La Agencia de Servicios Migratorios de Japón detalló los nuevos criterios en una consulta a la ciudadanía que estará disponible durante un mes, hasta el próximo 4 de septiembre.
La revisión de las normas forma parte del plan de la primera ministra, Sanae Takaichi, para responder al aumento sin precedentes de la población de origen extranjero en Japón, que ha generado críticas en algunos sectores de la sociedad por lo que consideran una excesiva permisividad de las autoridades.
En su explicación de los nuevos requisitos, la agencia migratoria detalló que "se exige explícitamente contar con condiciones económicas iguales o superiores a las de los ciudadanos japoneses, tanto en el presente como en el futuro", por lo que el candidato será considerado "si los ingresos superan sistemáticamente la media de los hogares japoneses según el tamaño del hogar".
Además, las nuevas normas piden mantener un nivel de japonés que permita hacer vida independiente, entender los sistemas y reglas japonesas y mantener una buena conducta, entre otros aspectos.

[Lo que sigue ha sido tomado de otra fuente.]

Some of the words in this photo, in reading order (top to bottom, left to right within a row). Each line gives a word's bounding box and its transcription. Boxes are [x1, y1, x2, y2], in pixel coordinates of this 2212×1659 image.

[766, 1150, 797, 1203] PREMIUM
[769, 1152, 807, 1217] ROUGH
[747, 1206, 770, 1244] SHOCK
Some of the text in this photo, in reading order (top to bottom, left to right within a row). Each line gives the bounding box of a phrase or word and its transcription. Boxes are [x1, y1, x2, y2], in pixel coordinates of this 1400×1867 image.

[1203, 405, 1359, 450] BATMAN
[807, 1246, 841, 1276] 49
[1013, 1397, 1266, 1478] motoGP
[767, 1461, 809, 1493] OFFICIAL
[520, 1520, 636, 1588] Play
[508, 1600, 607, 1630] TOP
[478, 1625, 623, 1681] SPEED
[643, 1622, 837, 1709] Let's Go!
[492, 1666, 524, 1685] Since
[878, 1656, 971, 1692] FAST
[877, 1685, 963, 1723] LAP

La residencia permanente permite a un ciudadano extranjero vivir y trabajar en Japón de manera indefinida sin renunciar a su nacionalidad de origen, y es diferente a la naturalización, que también es posible en el país.
Según los medios japoneses, algo más de 940.000 personas tenían la residencia permanente en Japón a finales del año pasado, de los más de 4 millones de residentes extranjeros.
En enero, el Gobierno de Takaichi propuso una serie de medidas para endurecer las leyes migratorias y promover la "coexistencia" con los extranjeros, entre ellas endurecer los requisitos para obtener la residencia permanente o restringir la compra de propiedades por parte de ciudadanos extranjeros.
El plan también incluye medidas de apoyo e integración, como la puesta en marcha de centros de consulta.